§ **PROBLEM**:
Set down each record below exactly as it stands. Pictures are not part of the copy.

§ **AVAILABLE DATA**:
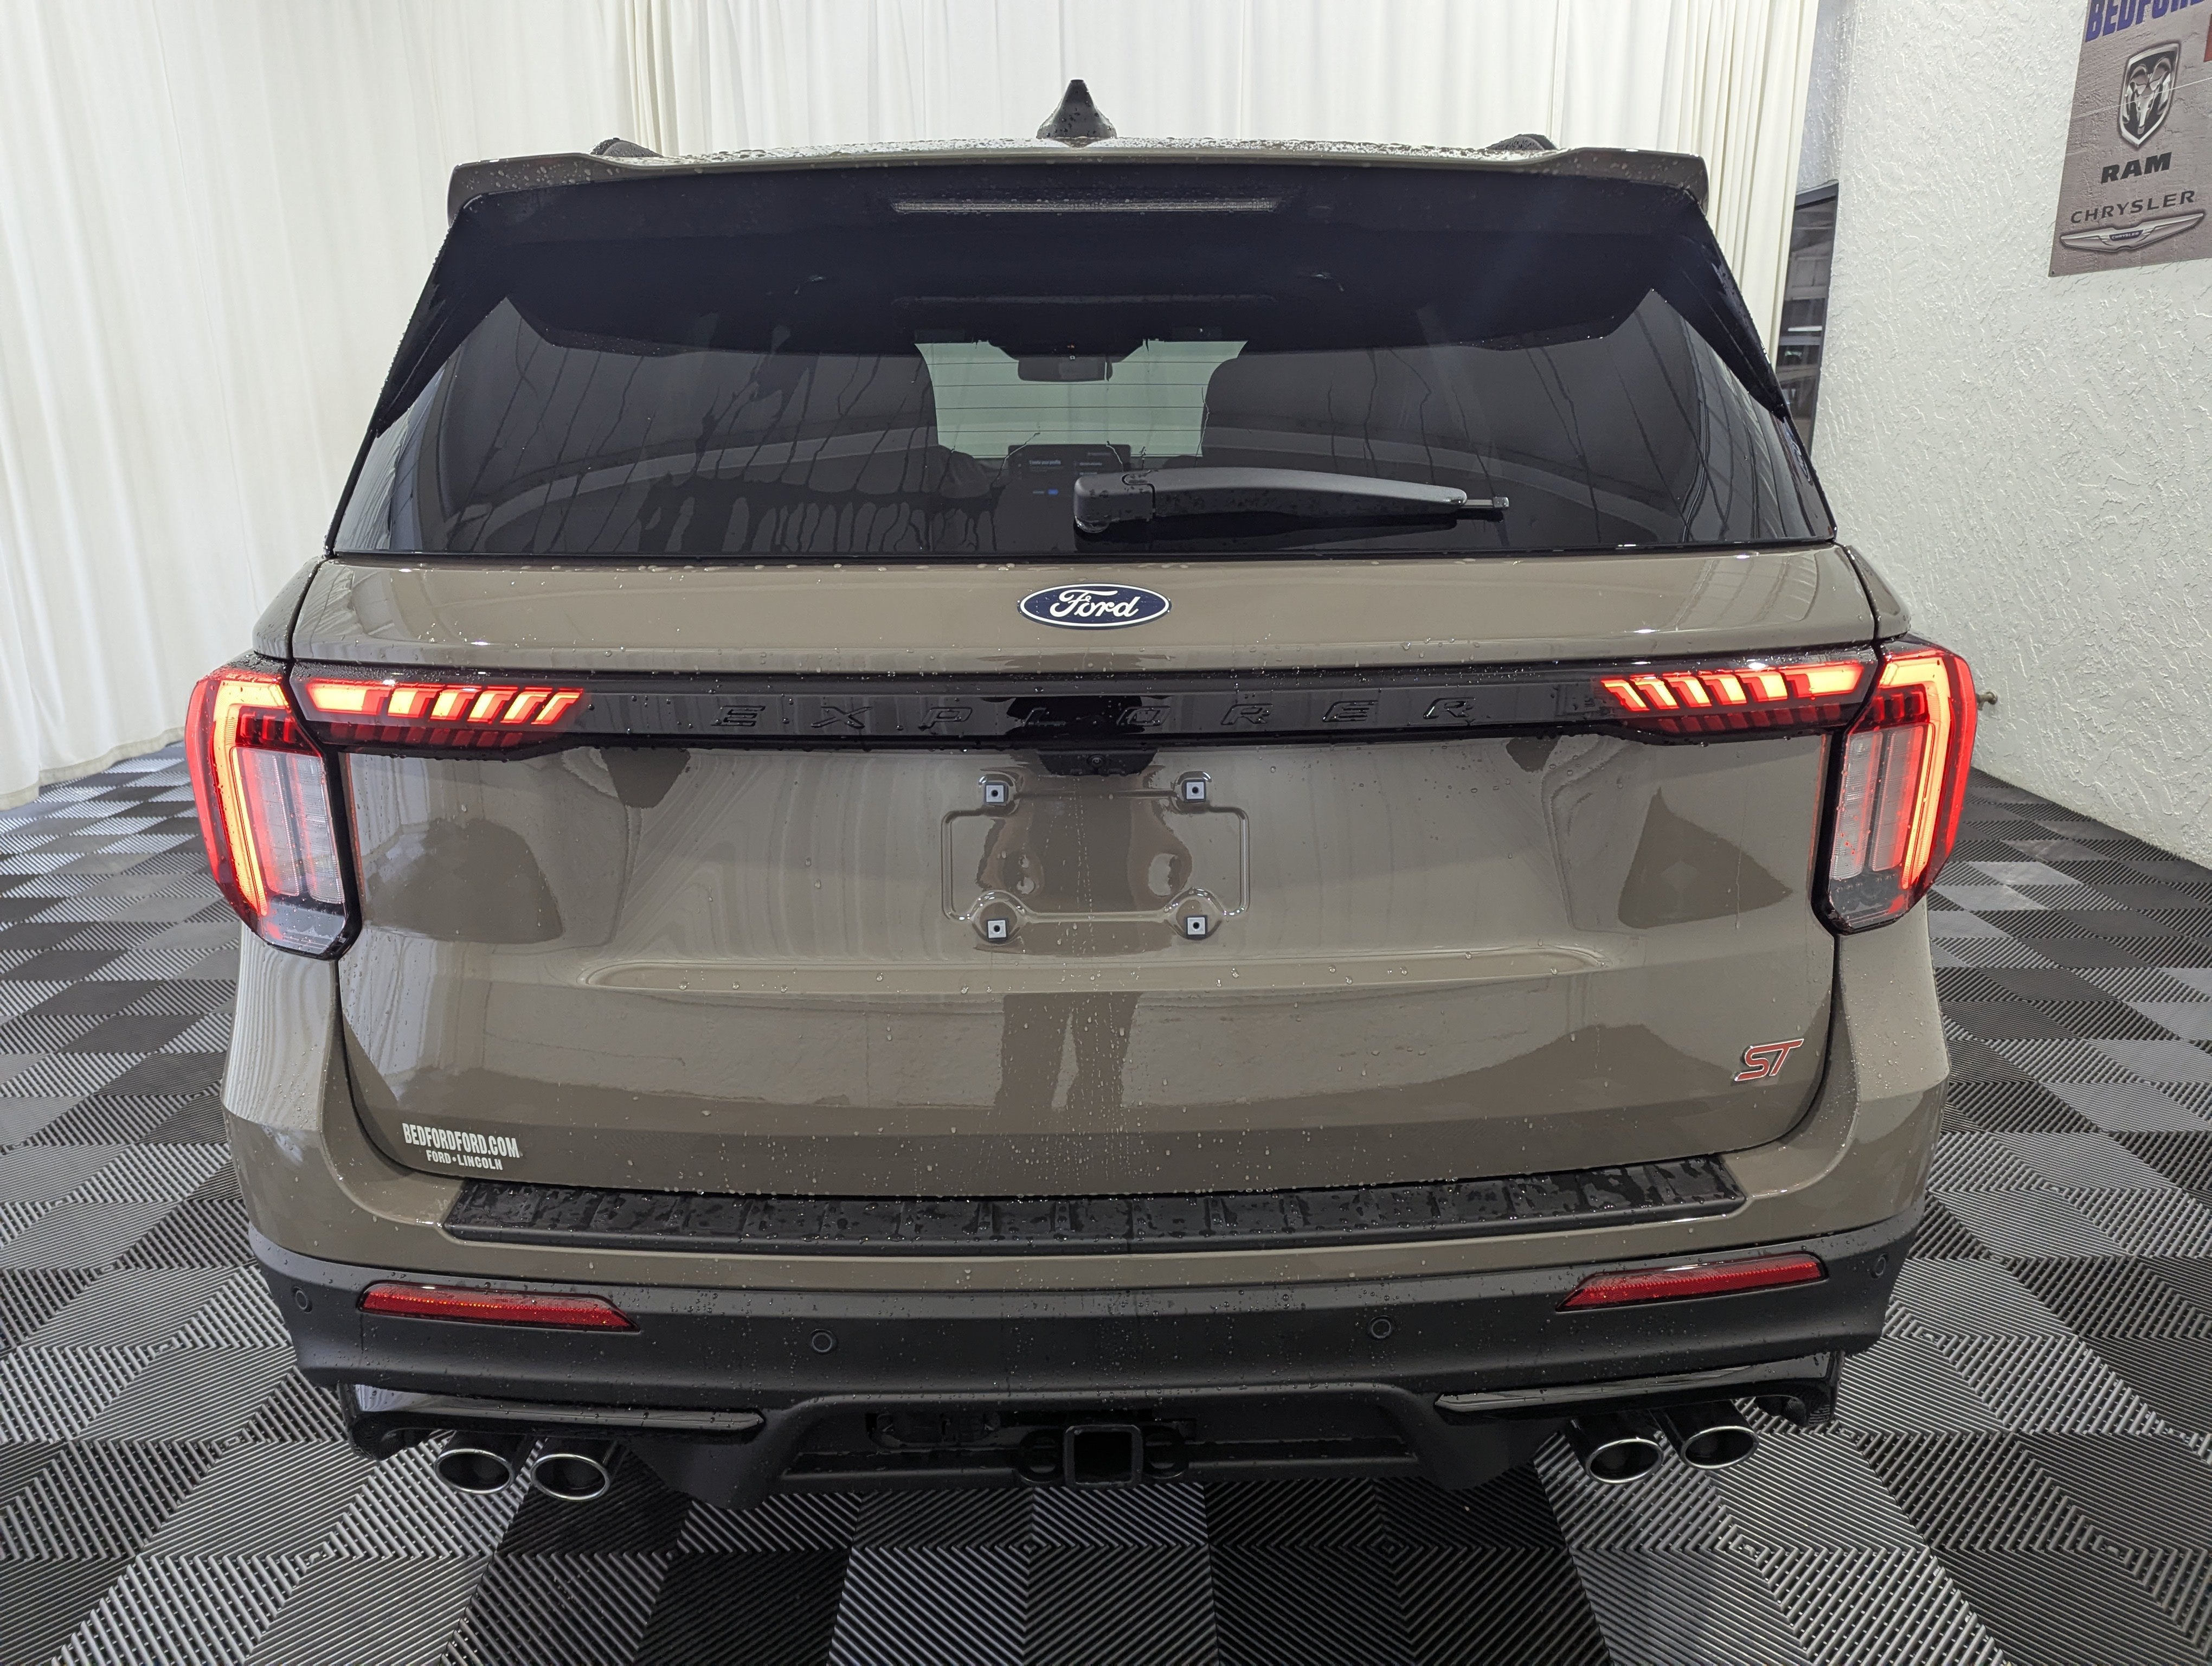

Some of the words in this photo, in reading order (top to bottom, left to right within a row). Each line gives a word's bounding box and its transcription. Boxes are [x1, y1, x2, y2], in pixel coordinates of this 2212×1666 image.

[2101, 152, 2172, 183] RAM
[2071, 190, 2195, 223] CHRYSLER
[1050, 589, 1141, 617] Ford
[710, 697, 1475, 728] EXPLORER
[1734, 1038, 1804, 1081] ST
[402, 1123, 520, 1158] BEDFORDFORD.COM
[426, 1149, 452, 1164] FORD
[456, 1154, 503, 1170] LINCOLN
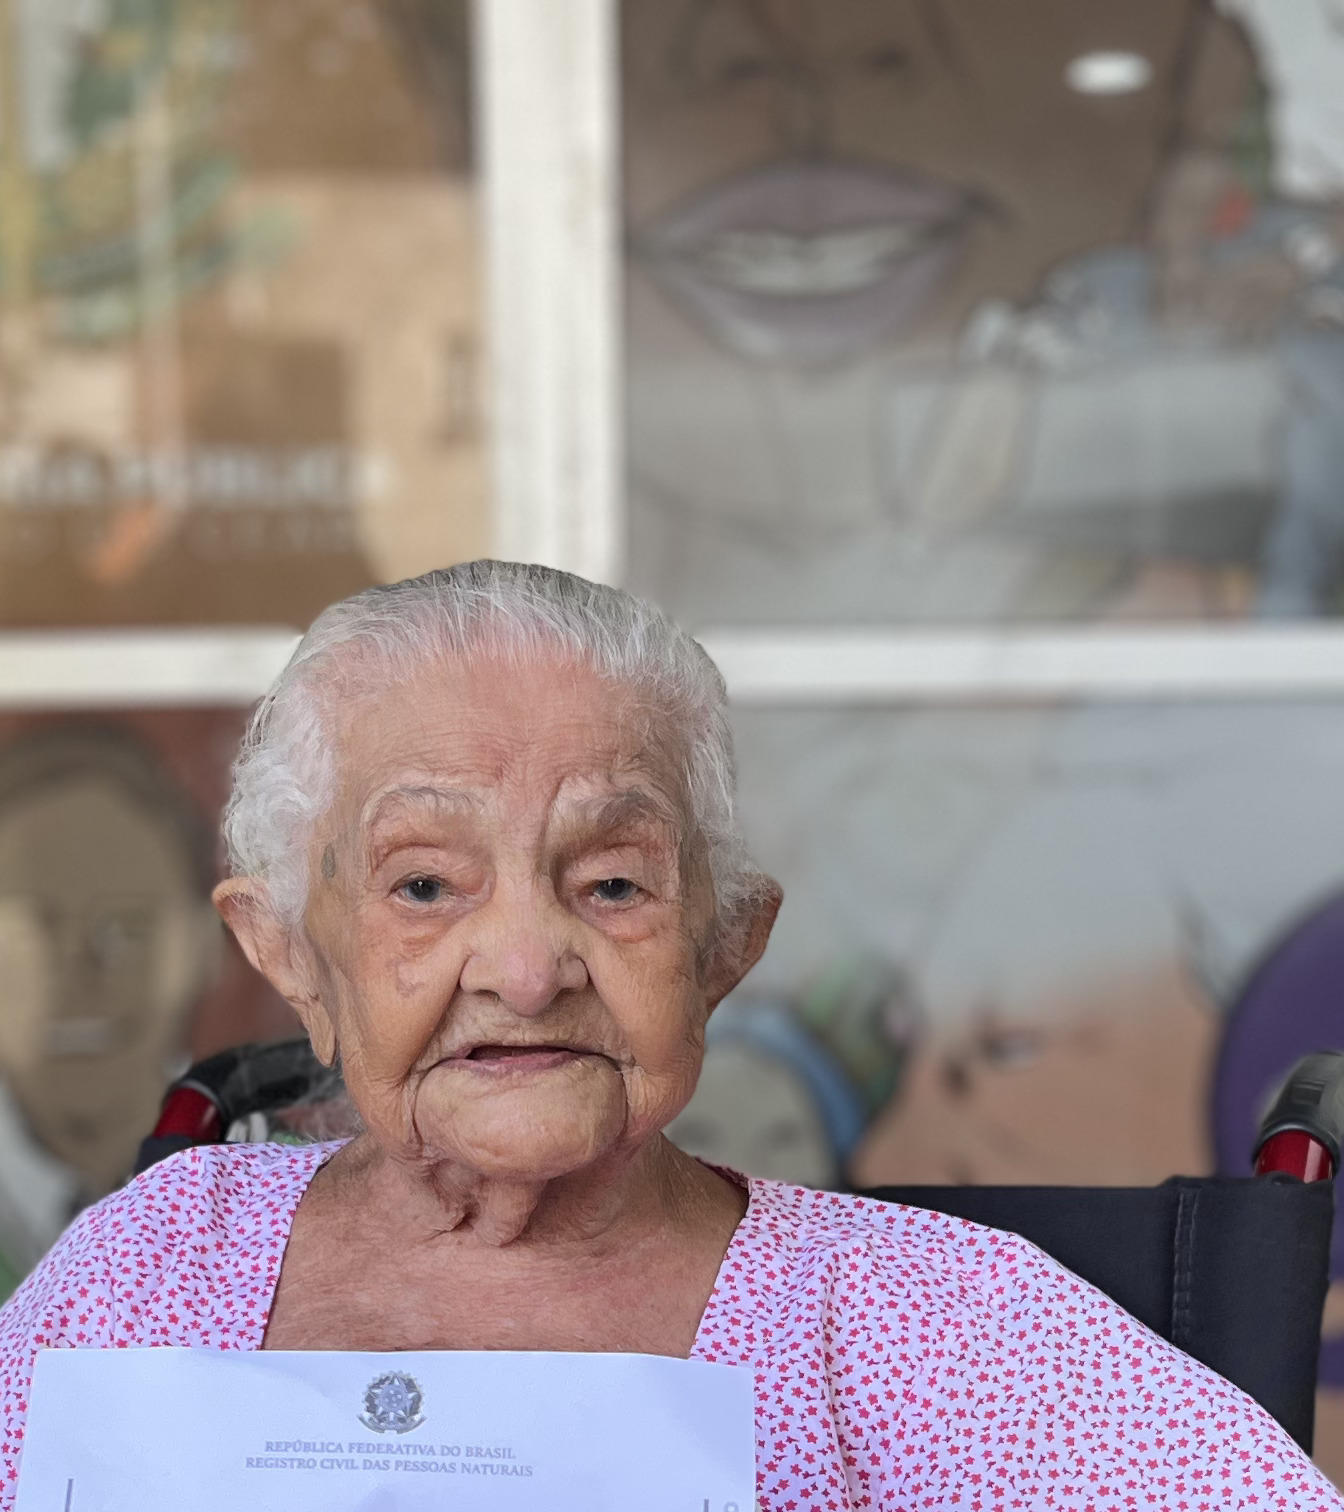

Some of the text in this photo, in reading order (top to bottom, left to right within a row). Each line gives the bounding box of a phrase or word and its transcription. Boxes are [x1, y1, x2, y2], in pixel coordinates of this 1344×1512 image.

§ **EXERCISE RESPONSE**:
Some of the words in this photo, in reading order (top to bottom, left to right within a row). Each line gives a word's bounding box and its transcription. Boxes are [x1, y1, x2, y2], in pixel coordinates of this 2212×1666 image.

[2101, 152, 2172, 183] RAM
[2071, 190, 2195, 223] CHRYSLER
[1050, 589, 1141, 617] Ford
[710, 697, 1475, 728] EXPLORER
[1734, 1038, 1804, 1081] ST
[402, 1123, 520, 1158] BEDFORDFORD.COM
[426, 1149, 452, 1164] FORD
[456, 1154, 503, 1170] LINCOLN

Some of the text in this photo, in reading order (top to bottom, left to right within a row). Each line gives the bounding box of a phrase or word and its transcription. Boxes are [x1, y1, x2, y2], in pixel coordinates of this 1344×1512 image.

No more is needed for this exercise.